SRA

The immune protection against invading pathogens is governed by pathogen elimination ('resistance') and by limitation of tissue damage that results from host-pathogen interactions ('tolerance'). However, distinct molecular states of resistance and tolerance remain obscure. Here, we collected longitudinal lung transcriptomes and clinical phenotypes of disease severity during influenza A virus (IAV) infection across 39 genetically-distinct mouse strains (32 strains of time series data and additional 7 strains with selected time points). Using transcriptional diversity in this data, we uncovered two key programs that together describe the cellular states for resistance and tolerance. The identified programs offer an unprecedented comprehensive view on shared and distinct roles of resistance and tolerance for the regulation of immune defense – for instance, we identified an antagonistic regulation of resistance and tolerance on protein production.

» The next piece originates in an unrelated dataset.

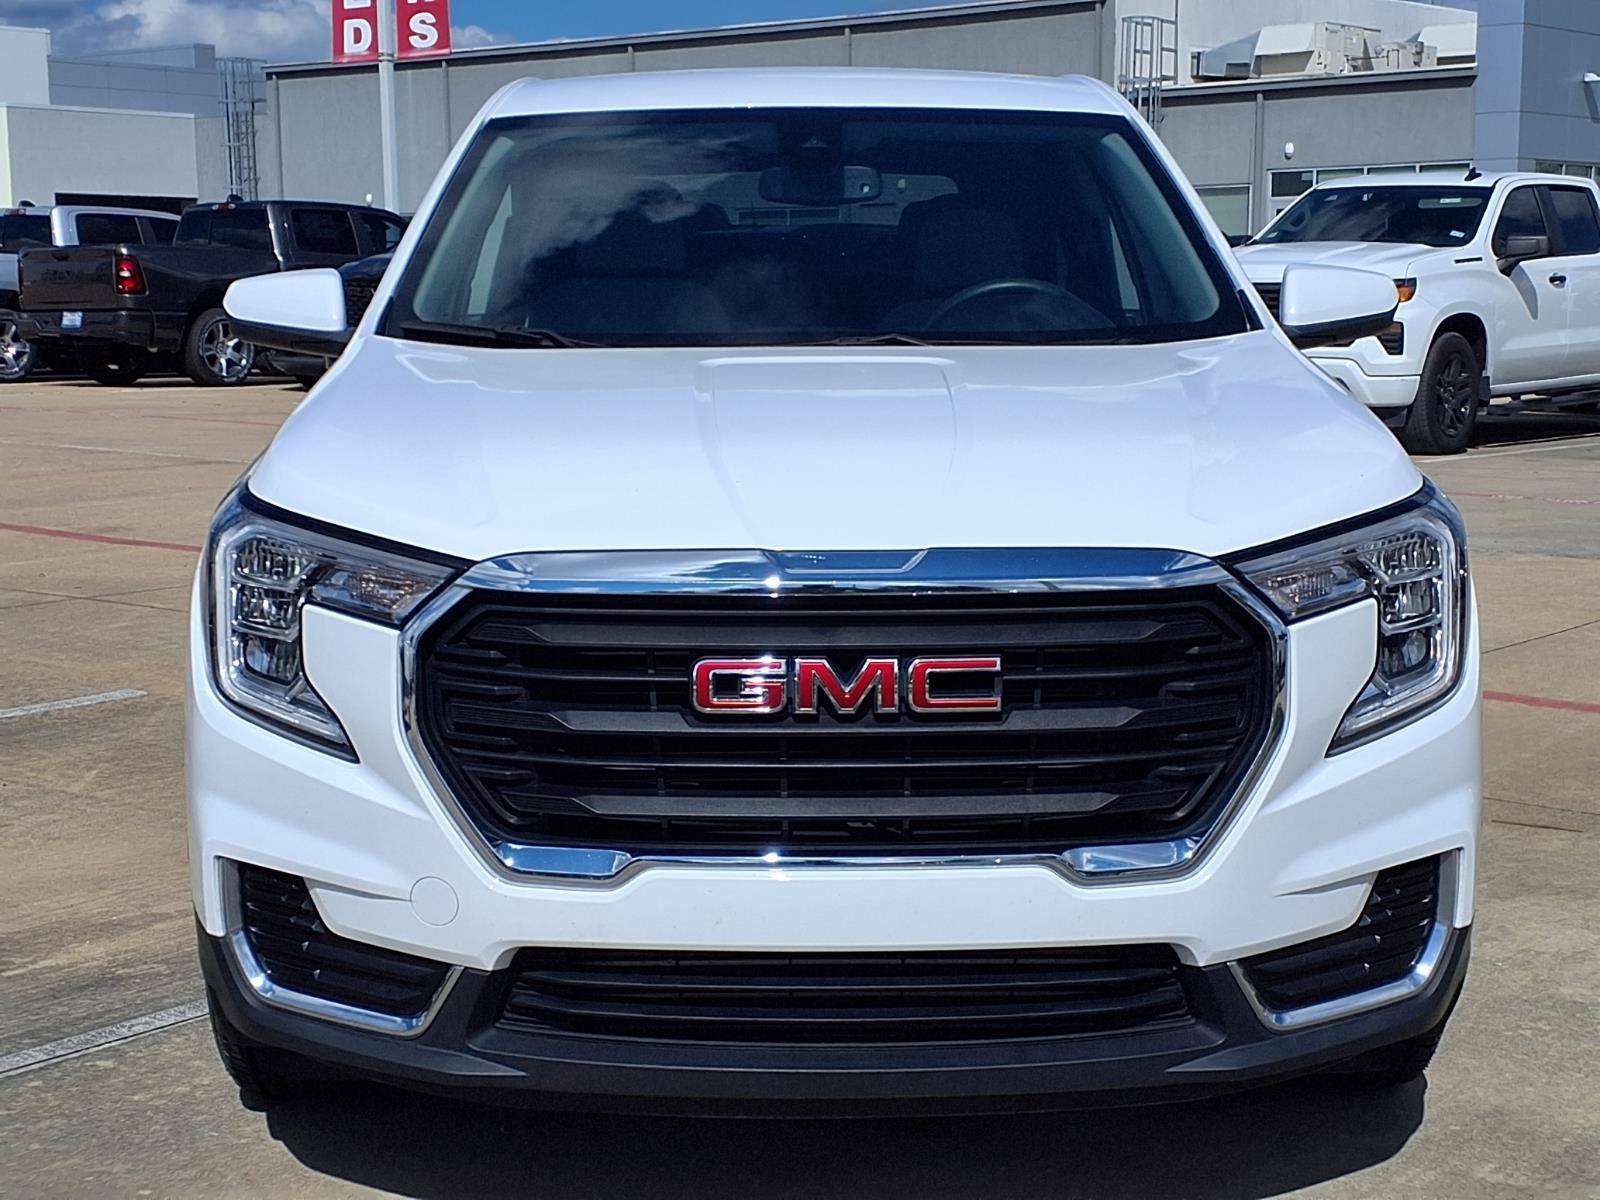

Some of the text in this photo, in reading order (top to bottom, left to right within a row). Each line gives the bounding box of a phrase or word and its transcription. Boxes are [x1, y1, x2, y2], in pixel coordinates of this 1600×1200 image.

Importantly, the framework reveals that both inflammatory states and the healthy steady state are remarkably diverse in resistance and tolerance levels, with implications on disease severity: a baseline state (before infection) of high tolerance and low resistance results in increased severity of IAV infection. Overall, our work provides a framework for the study of resistance and tolerance that could aid in clinical diagnosis and disease management. Overall design: To characterize the host defense, we investigated longitudinal data during IAV infection across genetically distinct mouse strains. We recorded lung transcriptomes of mouse strains of the collaborative cross (CC) cohort, both in steady state (before infection) and at five time points during the course of IAV infection (3h to 96h p.i.).